§ **Assignment**
The full listing, returned exactly and free of pictures, is the expected answer.

-------- Input --------

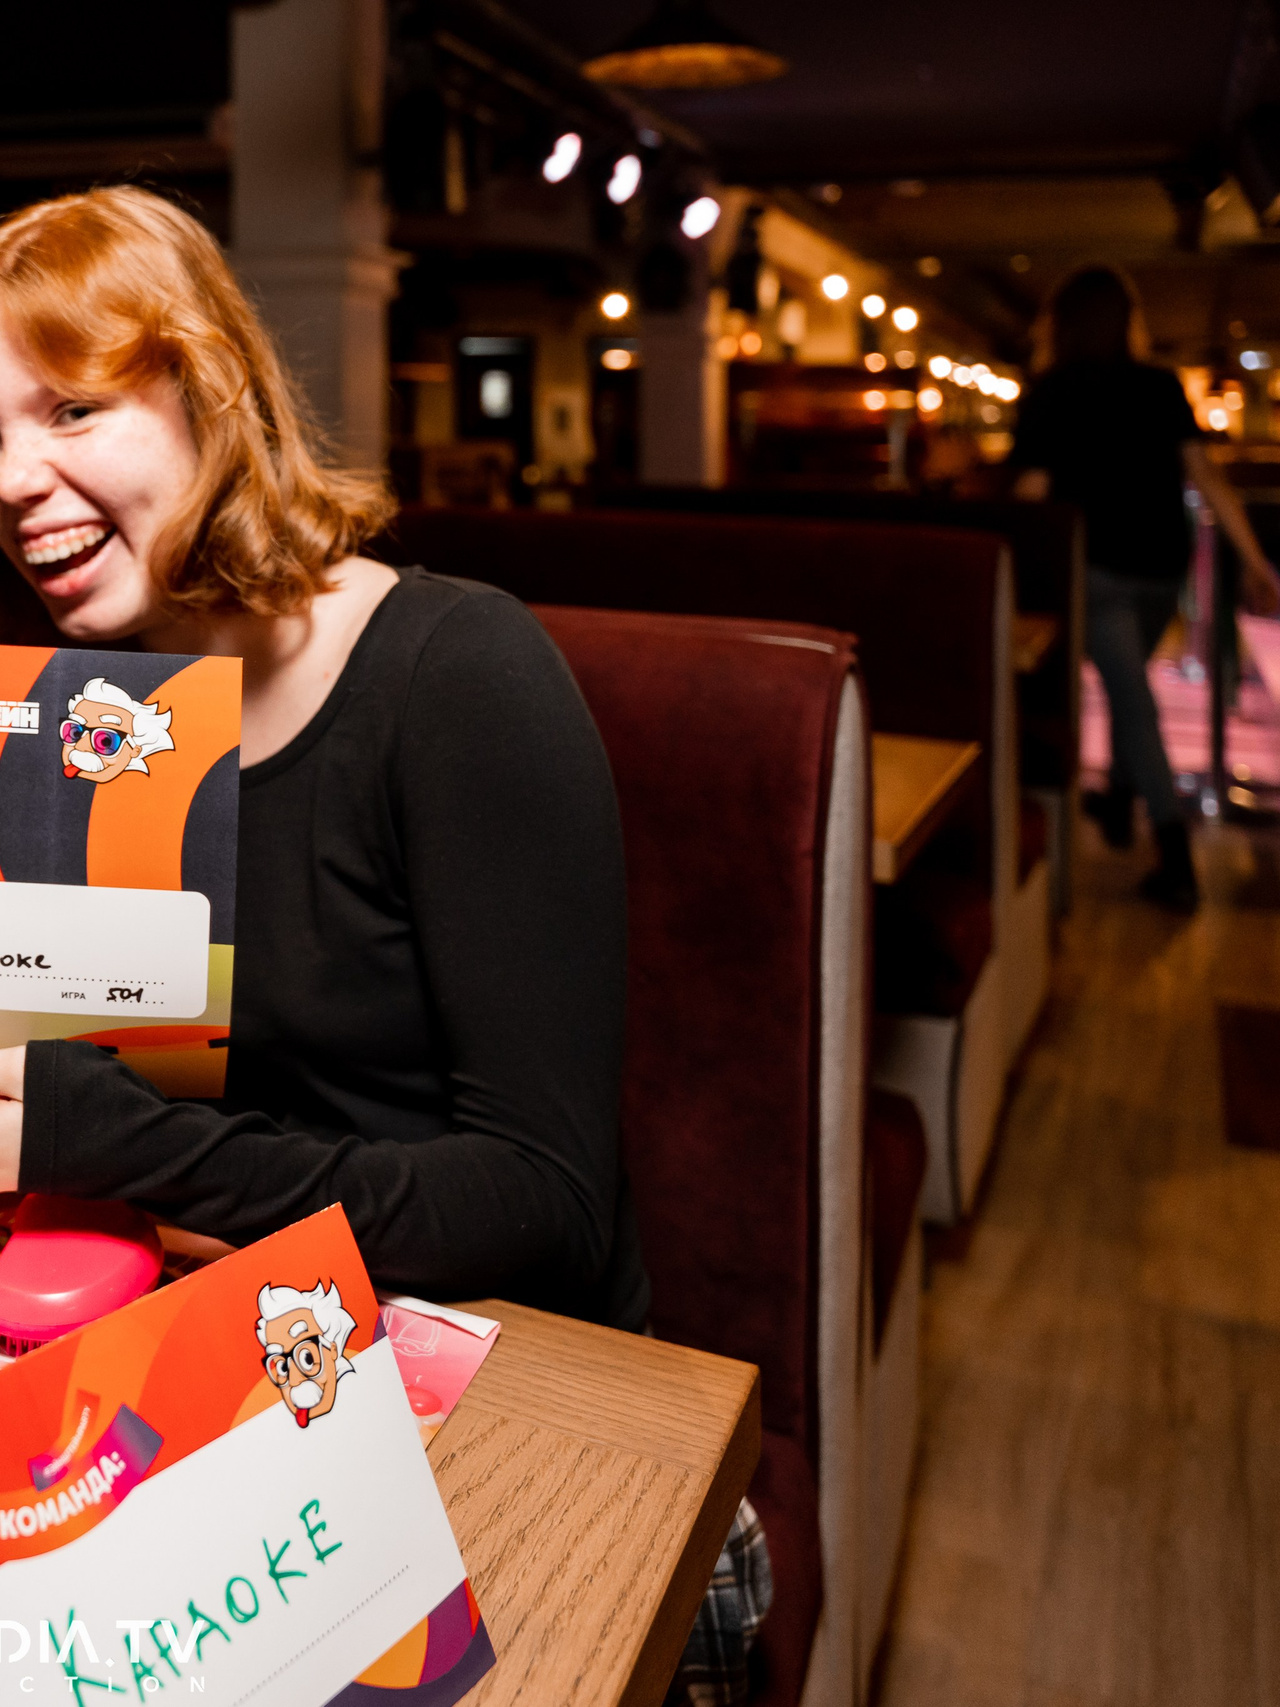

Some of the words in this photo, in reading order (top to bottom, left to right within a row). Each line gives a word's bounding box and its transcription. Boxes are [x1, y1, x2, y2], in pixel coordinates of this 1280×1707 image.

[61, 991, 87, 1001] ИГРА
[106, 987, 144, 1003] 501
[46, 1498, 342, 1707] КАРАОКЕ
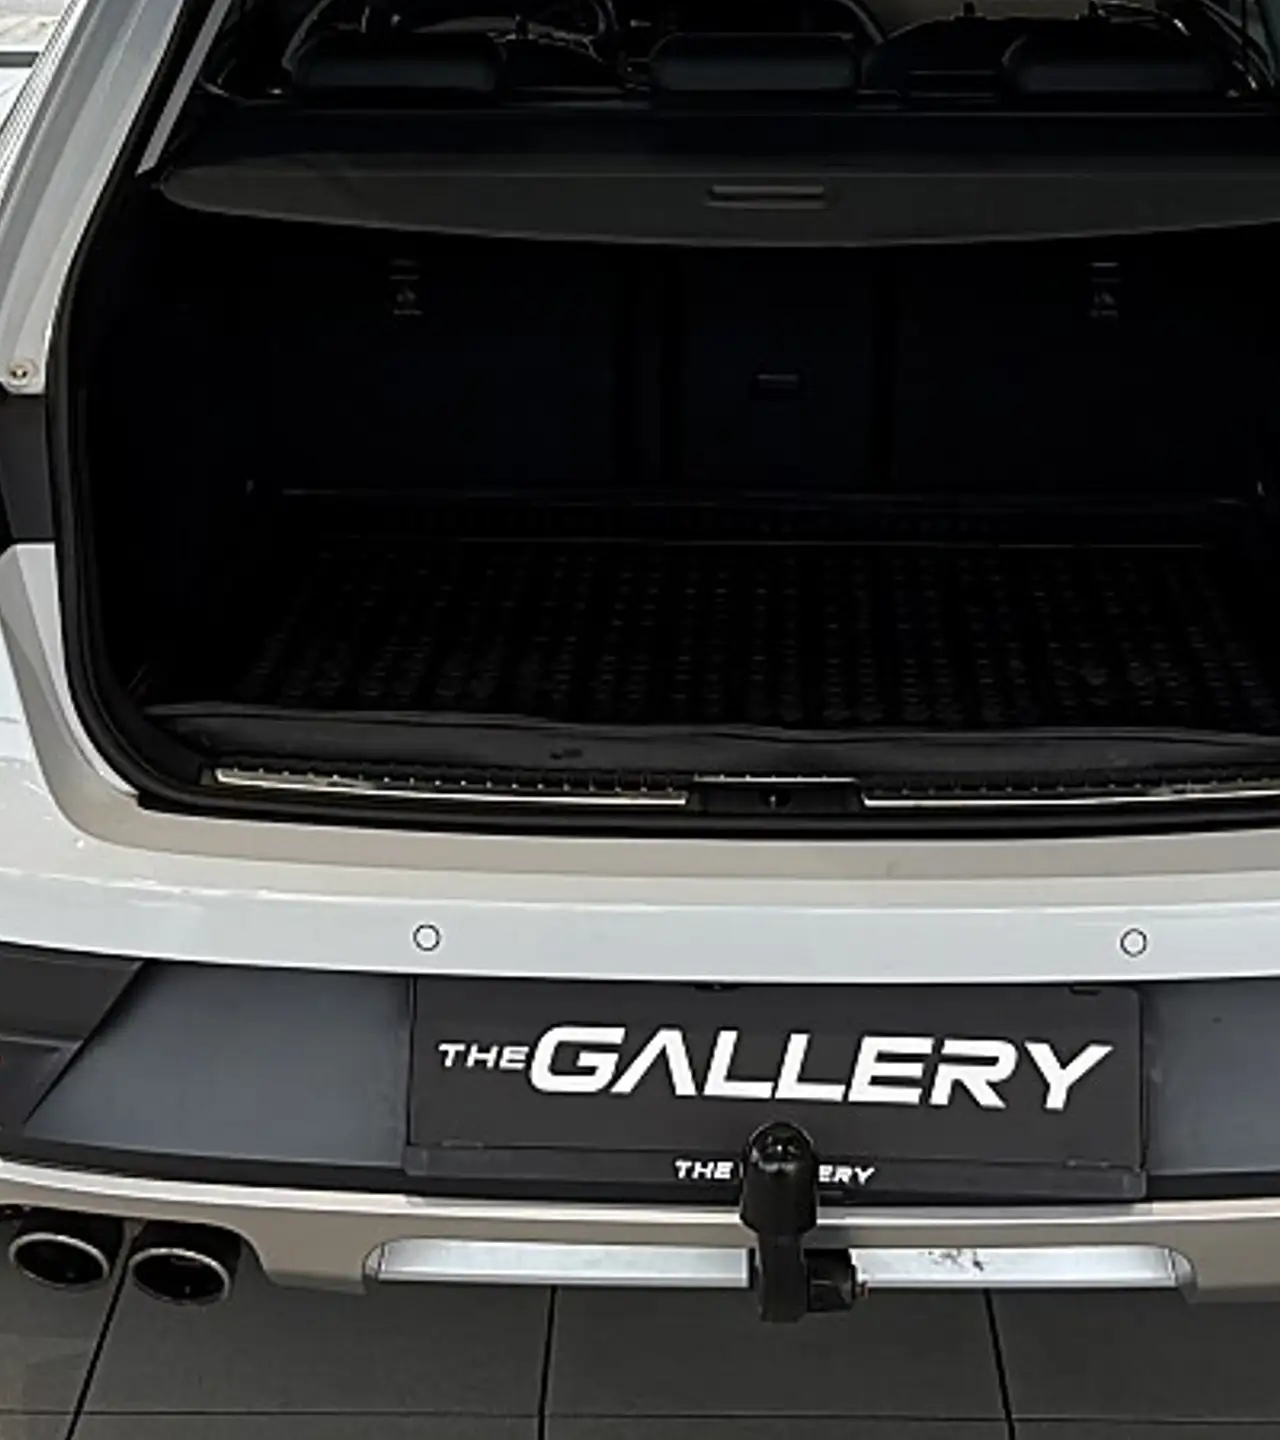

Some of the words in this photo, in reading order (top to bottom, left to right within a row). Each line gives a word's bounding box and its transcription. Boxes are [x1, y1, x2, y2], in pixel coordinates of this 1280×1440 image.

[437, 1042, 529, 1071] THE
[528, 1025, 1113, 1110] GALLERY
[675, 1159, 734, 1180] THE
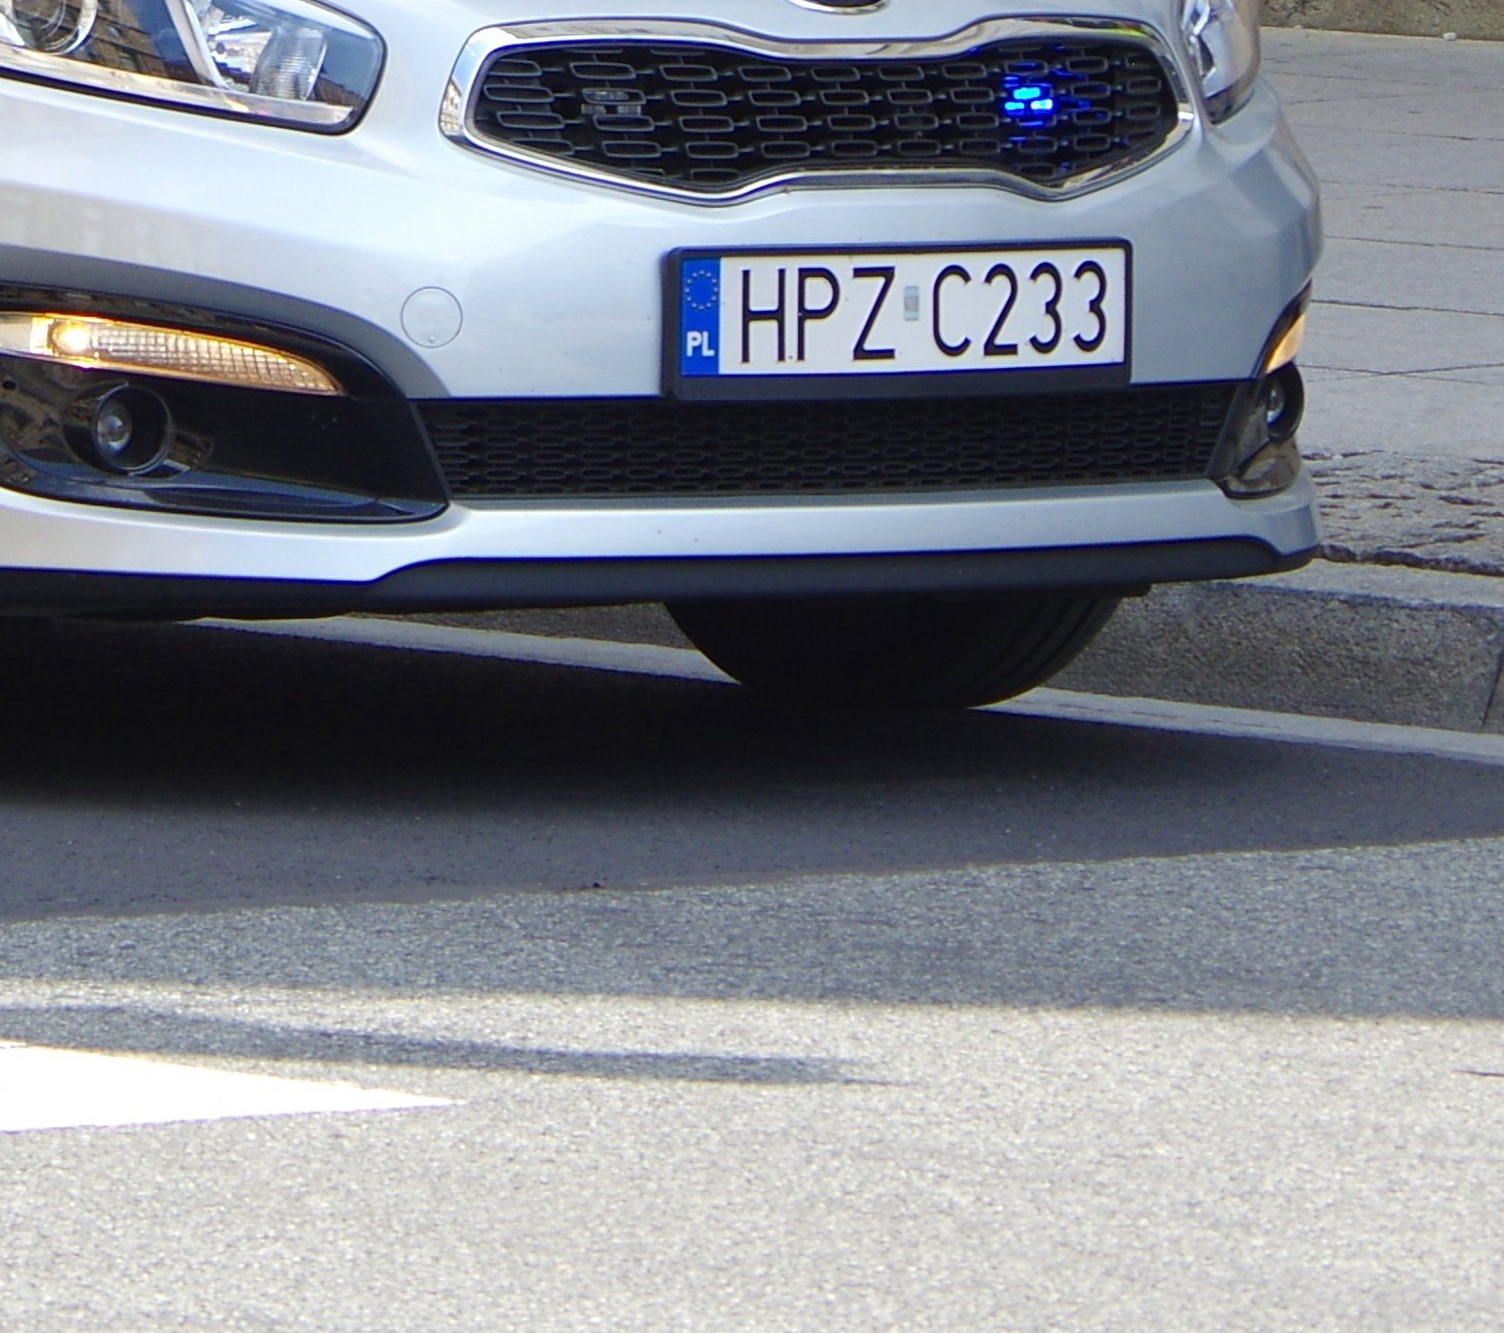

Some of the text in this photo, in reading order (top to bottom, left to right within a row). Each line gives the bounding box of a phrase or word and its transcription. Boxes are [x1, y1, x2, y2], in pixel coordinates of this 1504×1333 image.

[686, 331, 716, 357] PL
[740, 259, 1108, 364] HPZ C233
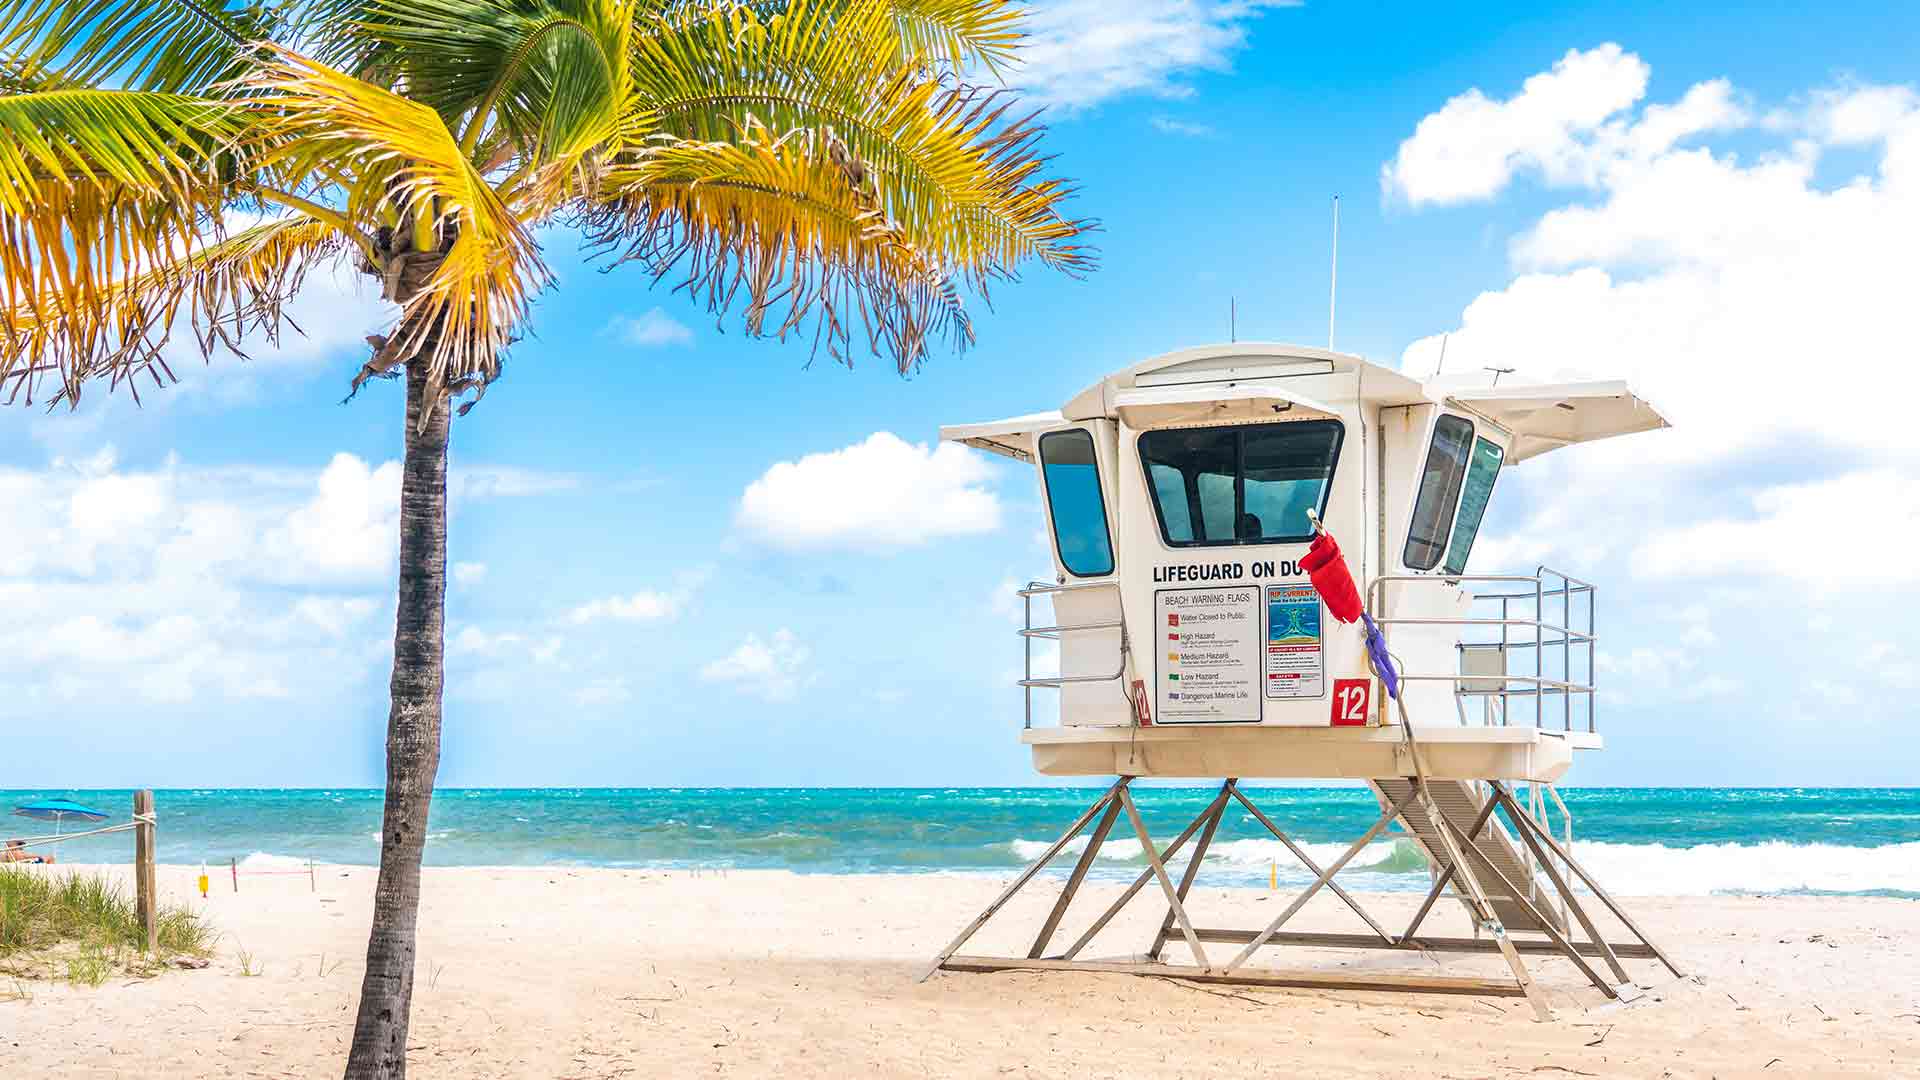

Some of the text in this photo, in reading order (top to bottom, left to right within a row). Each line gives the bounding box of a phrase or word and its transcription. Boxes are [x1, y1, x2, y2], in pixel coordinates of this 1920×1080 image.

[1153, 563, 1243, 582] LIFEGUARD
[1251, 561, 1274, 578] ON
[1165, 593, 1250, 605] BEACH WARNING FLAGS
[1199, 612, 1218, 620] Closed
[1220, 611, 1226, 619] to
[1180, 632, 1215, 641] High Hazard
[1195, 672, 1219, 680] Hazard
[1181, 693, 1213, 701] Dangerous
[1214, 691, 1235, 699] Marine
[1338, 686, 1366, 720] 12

--------

§ **Answer space**
Some of the words in this photo, in reading order (top to bottom, left to right within a row). Each line gives a word's bounding box and its transcription. Boxes are [x1, y1, x2, y2], in pixel coordinates of this 1280×1707 image.

[61, 991, 87, 1001] ИГРА
[106, 987, 144, 1003] 501
[46, 1498, 342, 1707] КАРАОКЕ

Some of the words in this photo, in reading order (top to bottom, left to right within a row). Each line gives a word's bounding box and its transcription. Boxes are [x1, y1, x2, y2], in pixel coordinates of this 1280×1440 image.

[437, 1042, 529, 1071] THE
[528, 1025, 1113, 1110] GALLERY
[675, 1159, 734, 1180] THE

Some of the text in this photo, in reading order (top to bottom, left to right within a row). Each line gives the bounding box of a phrase or word and its transcription. Boxes are [x1, y1, x2, y2], in pixel coordinates of this 1504×1333 image.

[686, 331, 716, 357] PL
[740, 259, 1108, 364] HPZ C233

Some of the text in this photo, in reading order (top to bottom, left to right within a row). Each line gives the bounding box of a phrase or word and its transcription. Boxes are [x1, y1, x2, y2], in pixel coordinates of this 1920×1080 image.

[1153, 563, 1243, 582] LIFEGUARD
[1251, 561, 1274, 578] ON
[1165, 593, 1250, 605] BEACH WARNING FLAGS
[1199, 612, 1218, 620] Closed
[1220, 611, 1226, 619] to
[1180, 632, 1215, 641] High Hazard
[1195, 672, 1219, 680] Hazard
[1181, 693, 1213, 701] Dangerous
[1214, 691, 1235, 699] Marine
[1338, 686, 1366, 720] 12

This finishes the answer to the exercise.